*PROBLEM DETAILS*
Reproduce the data exactly and drop any pictures it holds.

DATASET EXCERPTS below:

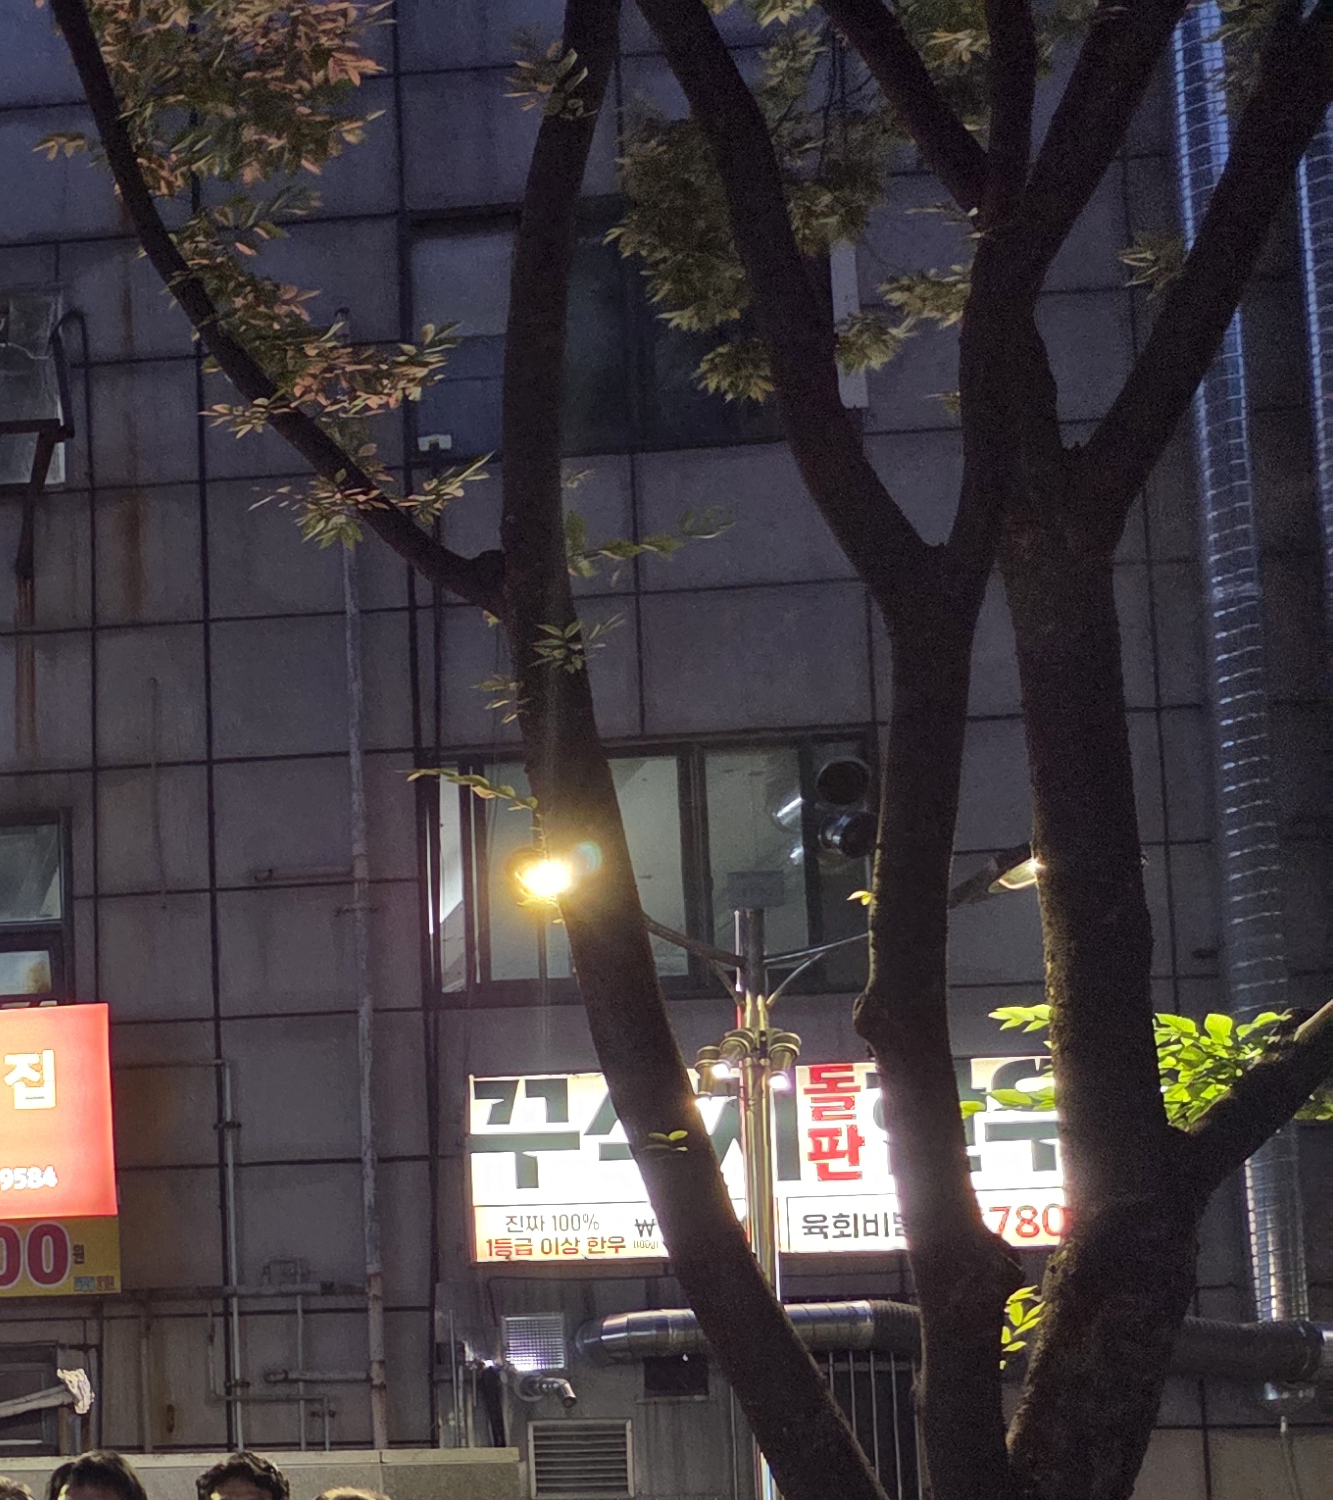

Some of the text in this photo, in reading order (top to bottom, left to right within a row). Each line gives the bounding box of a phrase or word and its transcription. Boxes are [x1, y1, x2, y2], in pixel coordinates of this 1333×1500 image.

[803, 1064, 866, 1181] 돌판
[505, 1213, 600, 1234] 진짜 100%
[486, 1236, 627, 1258] 1등급 이상 한우
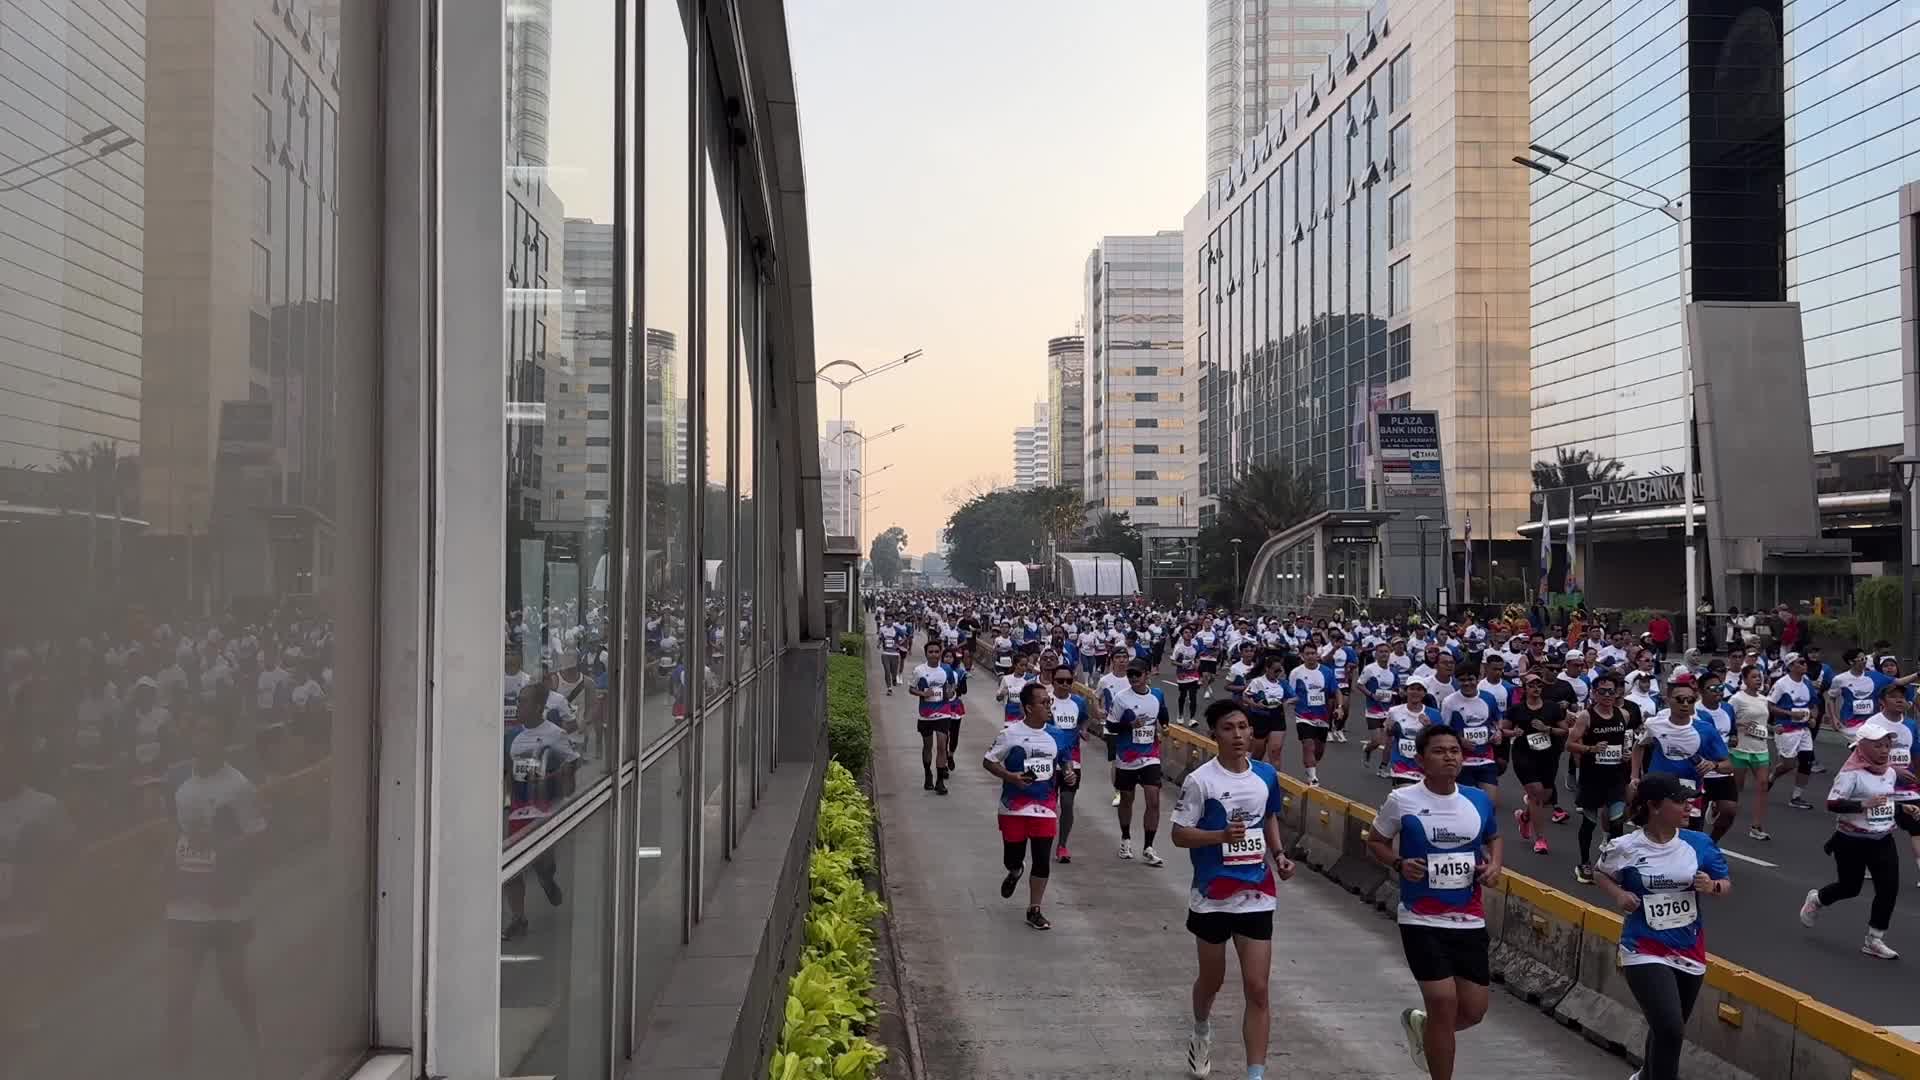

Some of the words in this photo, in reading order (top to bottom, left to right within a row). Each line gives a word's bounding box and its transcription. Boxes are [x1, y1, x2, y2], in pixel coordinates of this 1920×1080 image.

[1391, 416, 1424, 425] PLAZA
[1380, 426, 1406, 434] BANK
[1407, 426, 1435, 434] INDEX
[1591, 481, 1634, 505] PLAZA
[1638, 475, 1680, 502] BANK
[1593, 726, 1624, 734] GARMIN
[1228, 838, 1262, 853] 19935
[1434, 862, 1470, 876] 14159
[1649, 900, 1690, 918] 13760
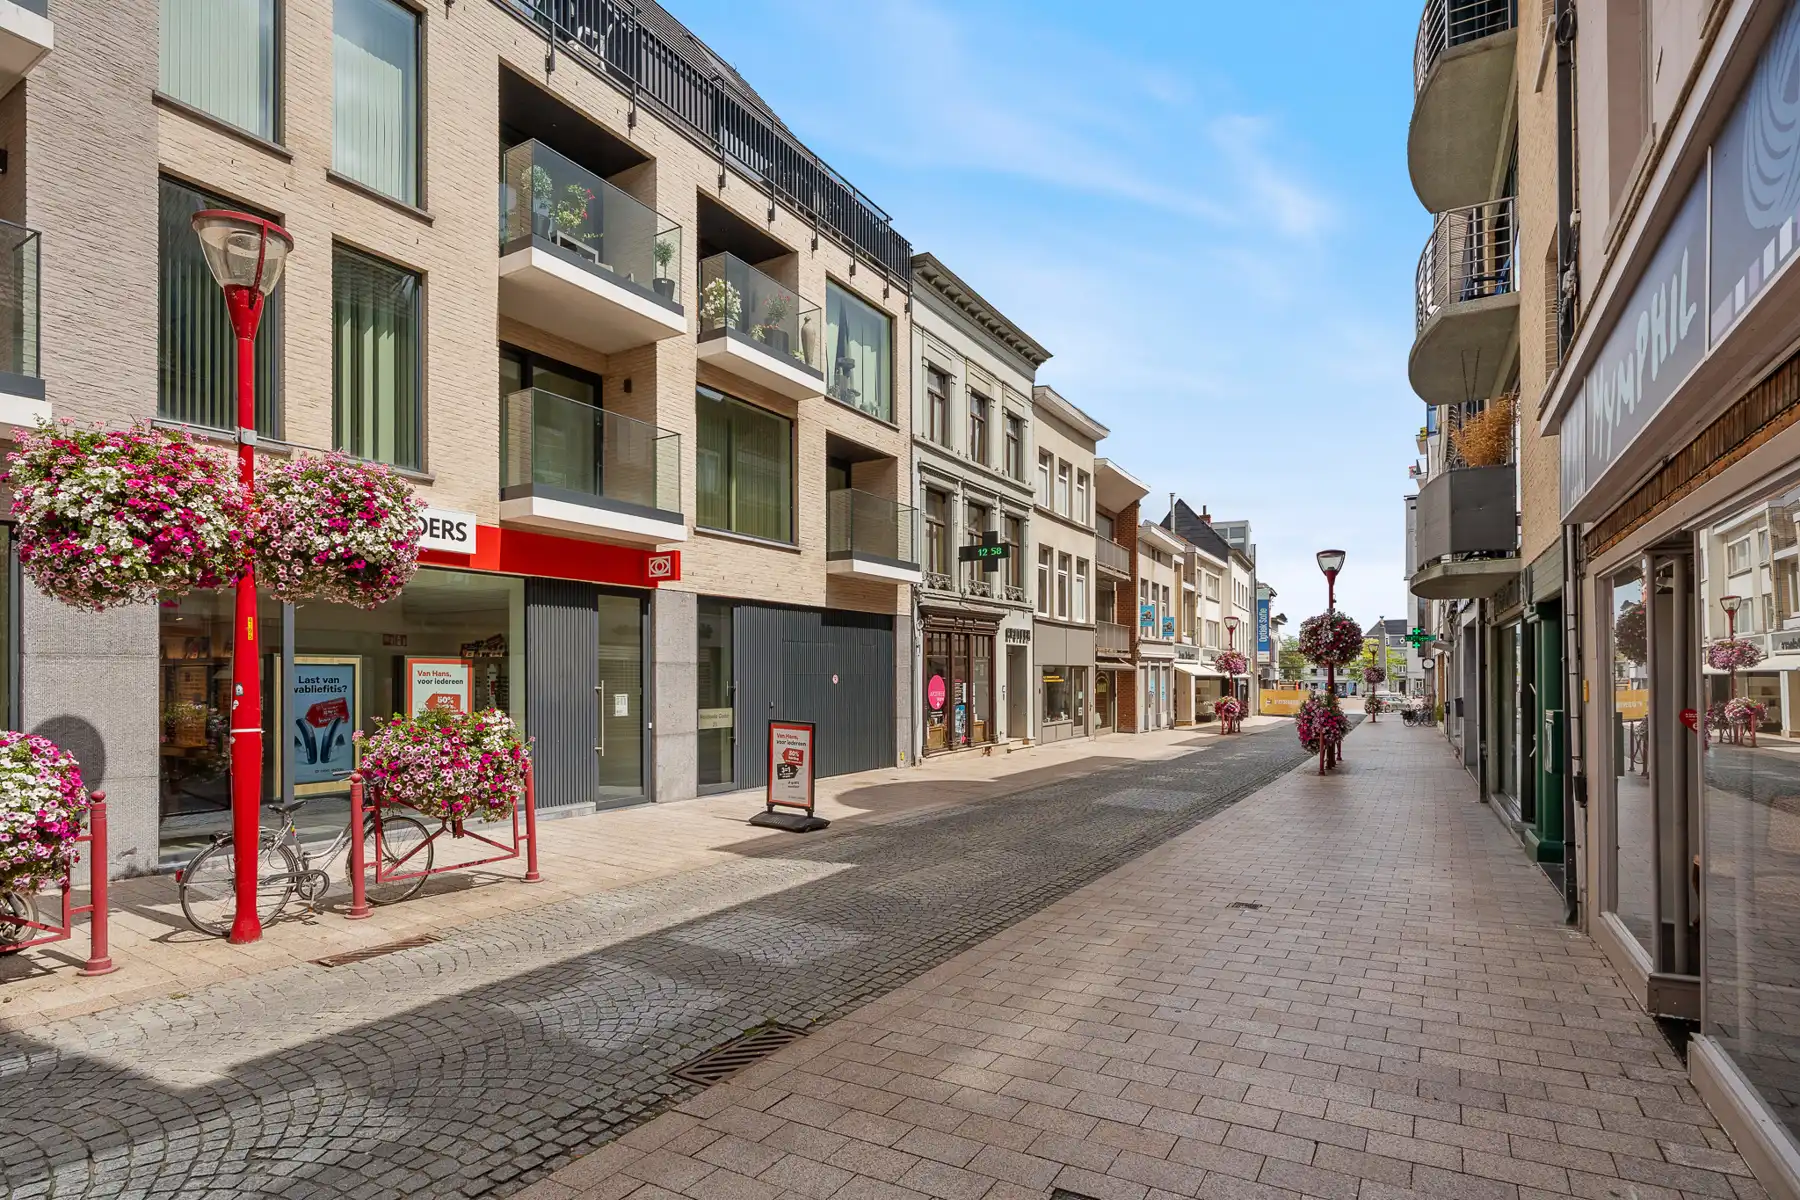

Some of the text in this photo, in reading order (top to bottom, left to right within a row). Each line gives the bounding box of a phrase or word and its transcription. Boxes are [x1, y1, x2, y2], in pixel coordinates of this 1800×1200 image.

[977, 547, 1002, 557] 12 58
[432, 670, 452, 678] Hans,
[298, 675, 320, 684] Last
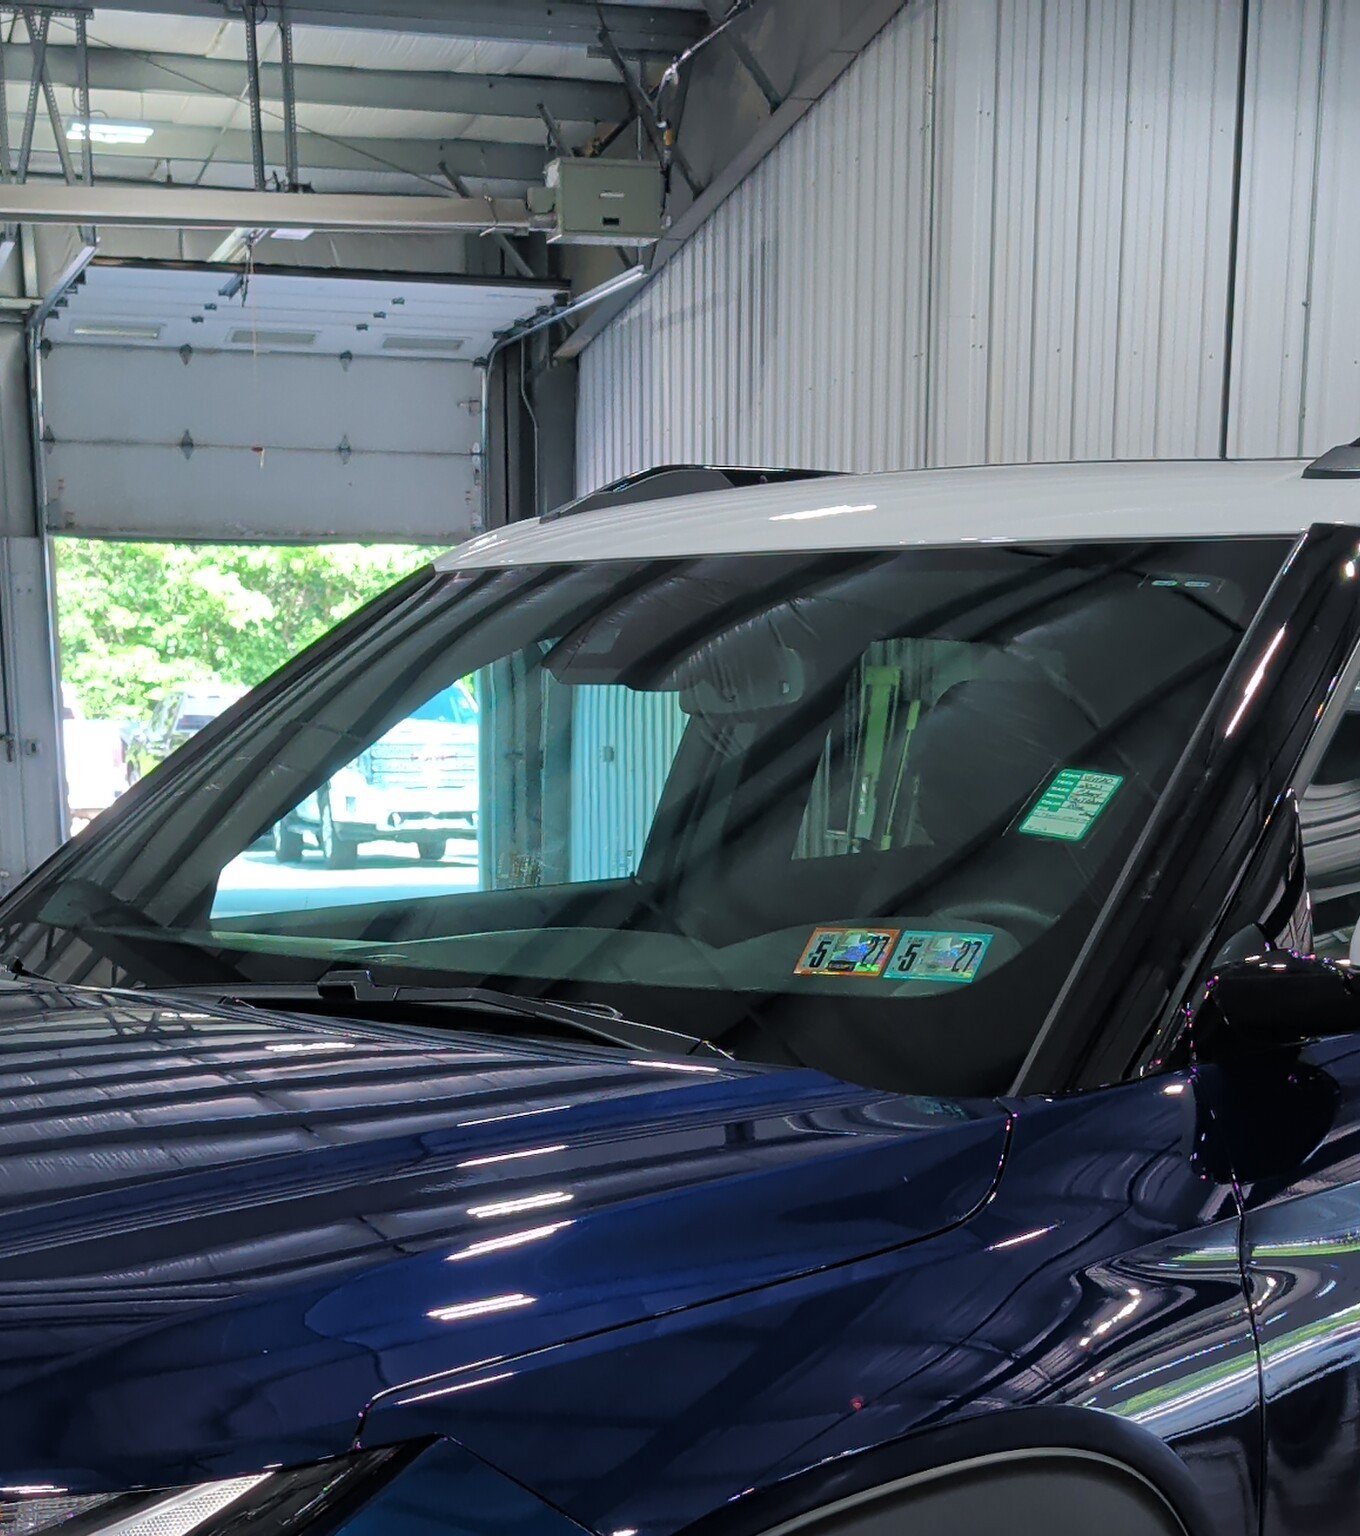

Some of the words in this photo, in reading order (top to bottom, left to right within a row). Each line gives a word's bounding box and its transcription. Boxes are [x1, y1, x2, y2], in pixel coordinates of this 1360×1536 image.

[808, 940, 832, 968] 5
[861, 936, 891, 967] 27
[898, 942, 922, 972] 5
[951, 940, 983, 973] 27

End of DATASET EXCERPTS.

*TASK RESULT*
Some of the text in this photo, in reading order (top to bottom, left to right within a row). Each line gives the bounding box of a phrase or word and its transcription. Boxes are [x1, y1, x2, y2], in pixel coordinates of this 1333×1500 image.

[803, 1064, 866, 1181] 돌판
[505, 1213, 600, 1234] 진짜 100%
[486, 1236, 627, 1258] 1등급 이상 한우

Some of the words in this photo, in reading order (top to bottom, left to right within a row). Each line gives a word's bounding box and its transcription. Boxes are [x1, y1, x2, y2], in pixel coordinates of this 1920×1080 image.

[1391, 416, 1424, 425] PLAZA
[1380, 426, 1406, 434] BANK
[1407, 426, 1435, 434] INDEX
[1591, 481, 1634, 505] PLAZA
[1638, 475, 1680, 502] BANK
[1593, 726, 1624, 734] GARMIN
[1228, 838, 1262, 853] 19935
[1434, 862, 1470, 876] 14159
[1649, 900, 1690, 918] 13760

Some of the text in this photo, in reading order (top to bottom, left to right within a row). Each line gives the bounding box of a phrase or word and its transcription. Boxes are [x1, y1, x2, y2], in pixel coordinates of this 1800×1200 image.

[977, 547, 1002, 557] 12 58
[432, 670, 452, 678] Hans,
[298, 675, 320, 684] Last

Some of the words in this photo, in reading order (top to bottom, left to right within a row). Each line gives a word's bounding box and its transcription. Boxes are [x1, y1, x2, y2], in pixel coordinates of this 1360×1536 image.

[808, 940, 832, 968] 5
[861, 936, 891, 967] 27
[898, 942, 922, 972] 5
[951, 940, 983, 973] 27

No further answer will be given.